Flaws discovered in the Meetup events platform enabled potential hijacks of Meetup “Groups” by threat actors, who could then redirect payments and carry out other malicious actions.
The vulnerabilities, which have now been patched, were discovered at the Black Hat USA 2020 information security event.
Researchers at cybersecurity company Checkmarx discovered the flaws during research into API security issues in high-profile web applications.
The research showed Meetup to be vulnerable to both XSS attacks, where malicious scripts are injected into trusted websites, and CSRF attacks, when an attacker can cause the victim user to carry out an action unintentionally.
Meetup currently has more than 44 million members, with 330,000 active Meetup groups and some 84,000 hosted events each week.

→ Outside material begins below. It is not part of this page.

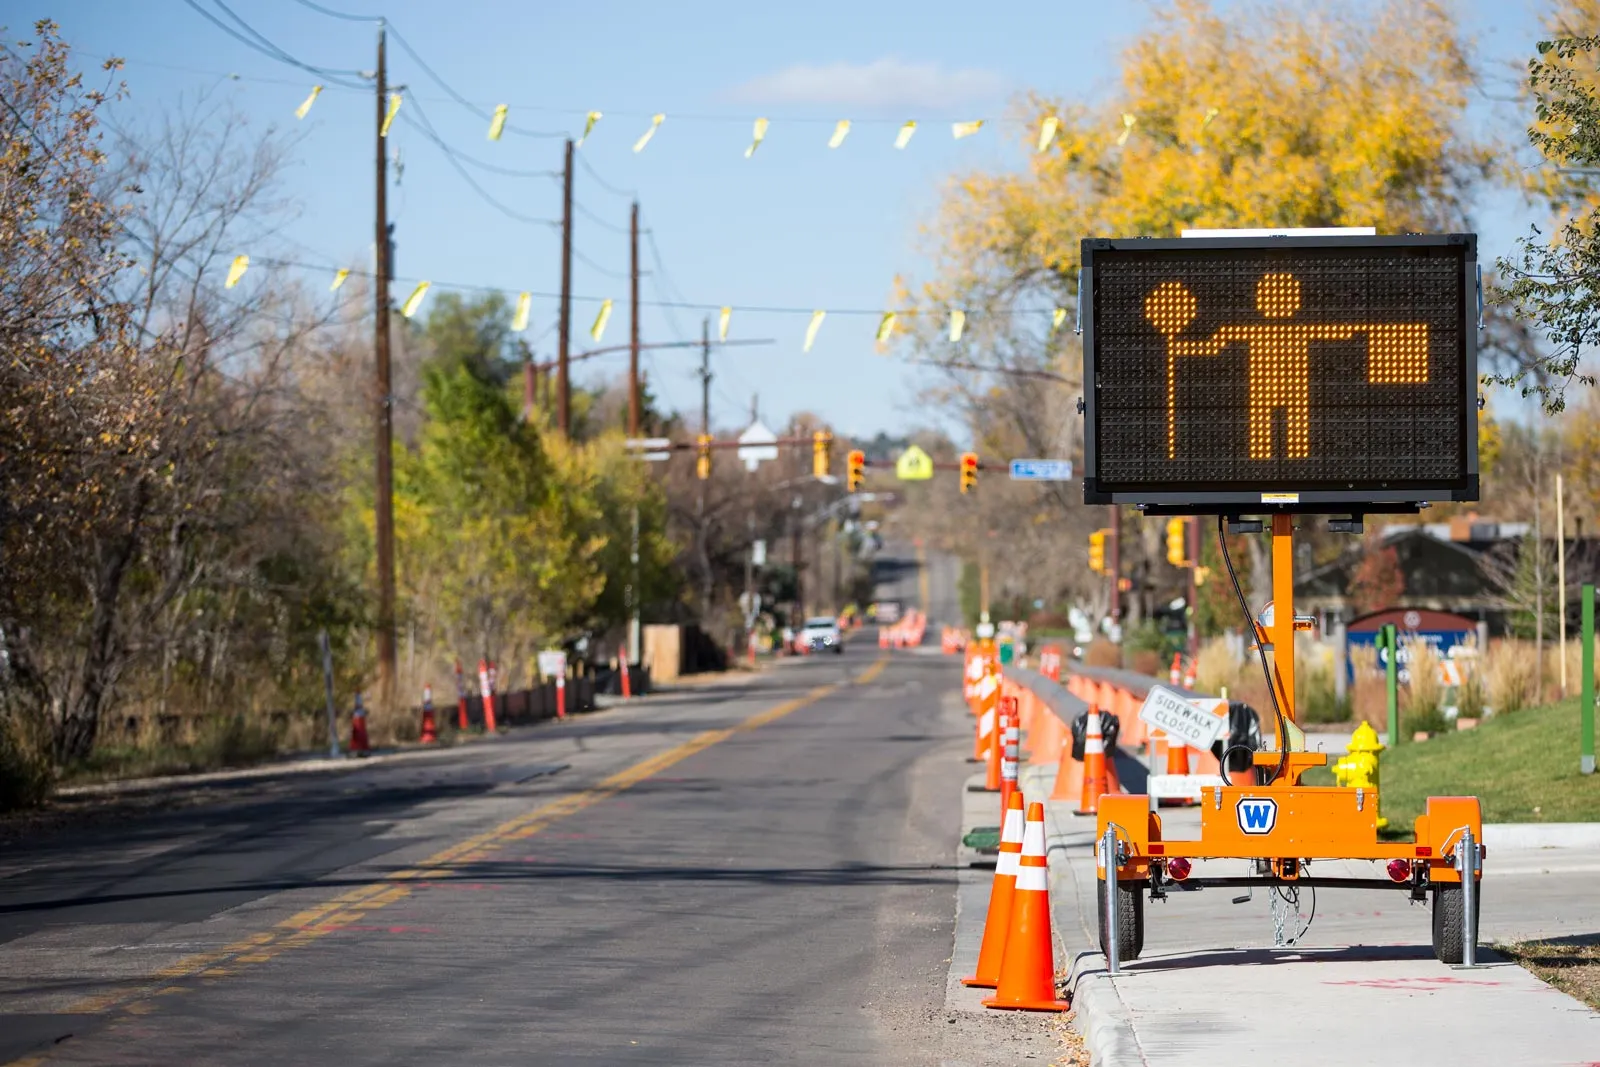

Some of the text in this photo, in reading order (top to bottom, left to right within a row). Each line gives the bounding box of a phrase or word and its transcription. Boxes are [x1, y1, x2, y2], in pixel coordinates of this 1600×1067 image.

[1155, 695, 1214, 730] SIDEWALK
[1155, 710, 1200, 740] CLOSED
[1243, 805, 1271, 828] W

The security flaws supposedly put all 44 million members at risk of losing important and private financial and personal information.
“Once the script was executed by the organiser (by just visiting the Meetup page), it unknowingly took advantage of the CSRF vulnerability and changed our role to “co-organiser,” and by that, granted us access to the group functions,” the Checkmarx report said.
In a statement from the report, Meetup said: “Meetup takes reports about its data security very seriously and appreciates Checkmarx’s work in bringing these issues to our attention for investigation and follow up.
“There is no evidence of any exploitation of these now-resolved vulnerabilities; there was no impact on Meetup’s users’ accounts or privacy.”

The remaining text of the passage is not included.